Why Cutting Your Cuticles Is Riskier Than You Think

There is nothing like a fresh manicure. The whole process of prepping the nails, massaging the hands, and applying a glossy coat of polish can leave us feeling rejuvenated. But whether you're used to doing manicures on your own or you're used to getting them done by a professional, it's time to be aware of one step in the process that's riskier than you think. 

According to University of Utah Health, cutting your cuticles can leave the skin around your nails more exposed to bacteria. Erika Summers, M.D., a dermatologist at University of Utah Health, explains, "Some people like the way trimmed cuticles look, but cutting this protective layer of skin increases your risk for infection."

And you may be surprised at how seriously the discouragement of cutting cuticles is taken in some parts of the country. Some states (including New York) have made it illegal to perform this service at salons, and consider it a "surgical act," states STYLECASTER.

Try to avoid trimming or biting your cuticles

Summers goes into detail with University of Utah Health describing other ways a cuticle can be damaged and what can ensue after. "When the skin around our nails is traumatized by biting or trimming cuticles, or picking at hangnails, bacteria or fungi can enter into the wound. This can cause an infection of the skin around the nail that typically presents with redness, swelling, pain and sometimes pus," she says.

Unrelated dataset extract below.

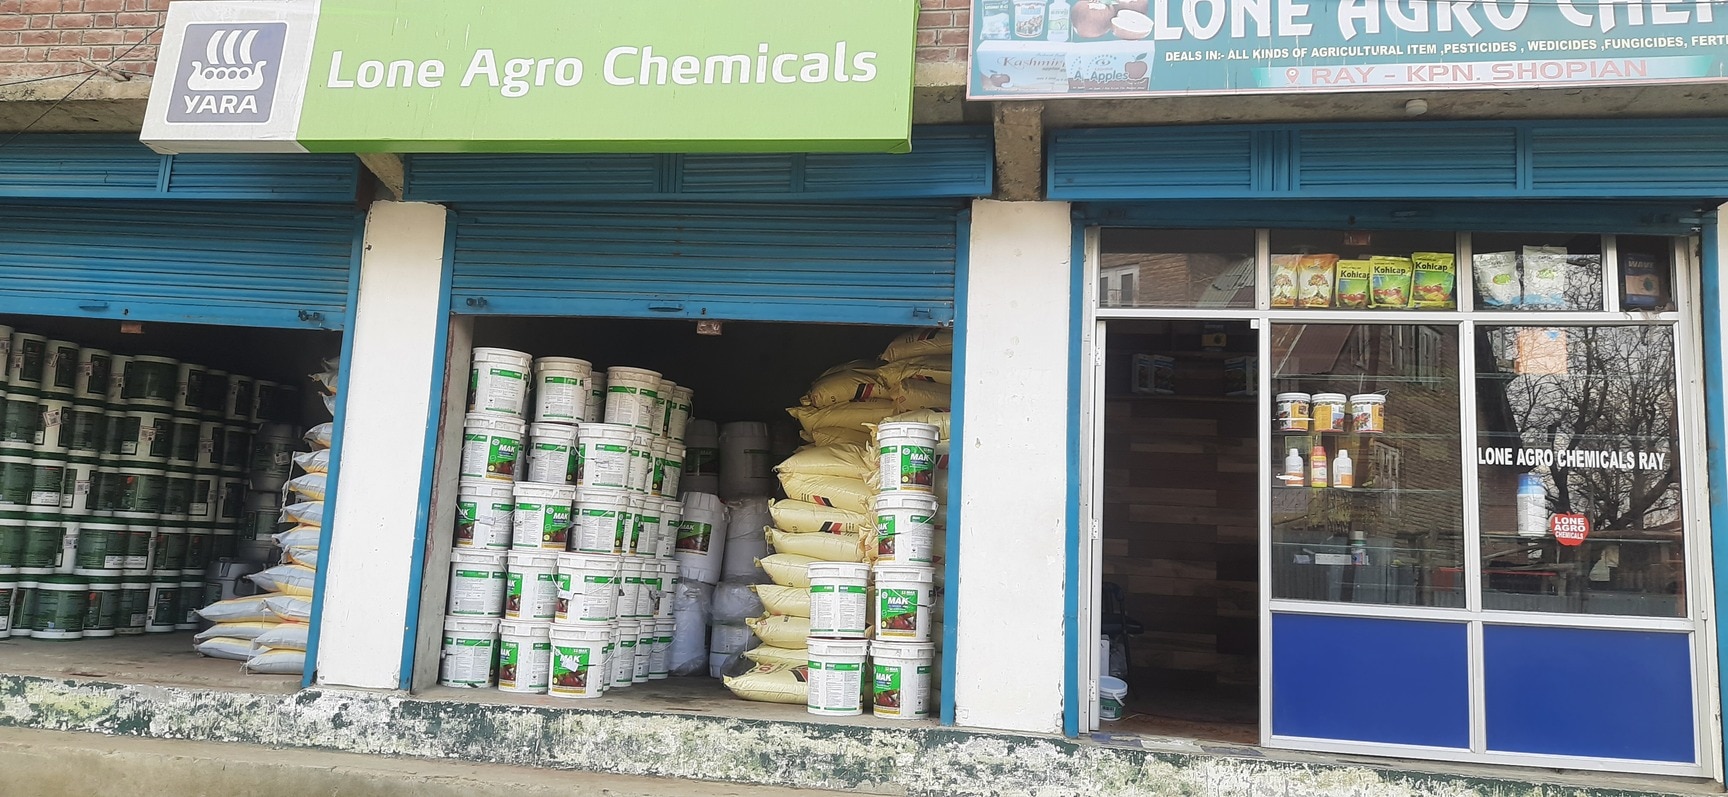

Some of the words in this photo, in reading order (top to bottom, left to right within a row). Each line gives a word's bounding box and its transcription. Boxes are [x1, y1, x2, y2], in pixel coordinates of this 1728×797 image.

Ok, so we definitely don't want to increase our chance of pain (or pus), but how can we avoid cuticle overgrowth if we shouldn't cut them? Celebrity manicurist Lisa Jachno tells STYLECASTER how you should maintain your cuticles. "You don't want the skin and hangnails tearing, which hurts and can cause infection. You are less likely to have cuticle overgrowth and loose skin/hangnails when you have your cuticles regularly pushed back and exfoliated by rubbing in a circular motion with a towel after the shower and keeping them hydrated," she says. 

Thankfully, you can still look forward to manicures. Just consider having your cuticles pushed back instead of cut, so you're less likely to have problems.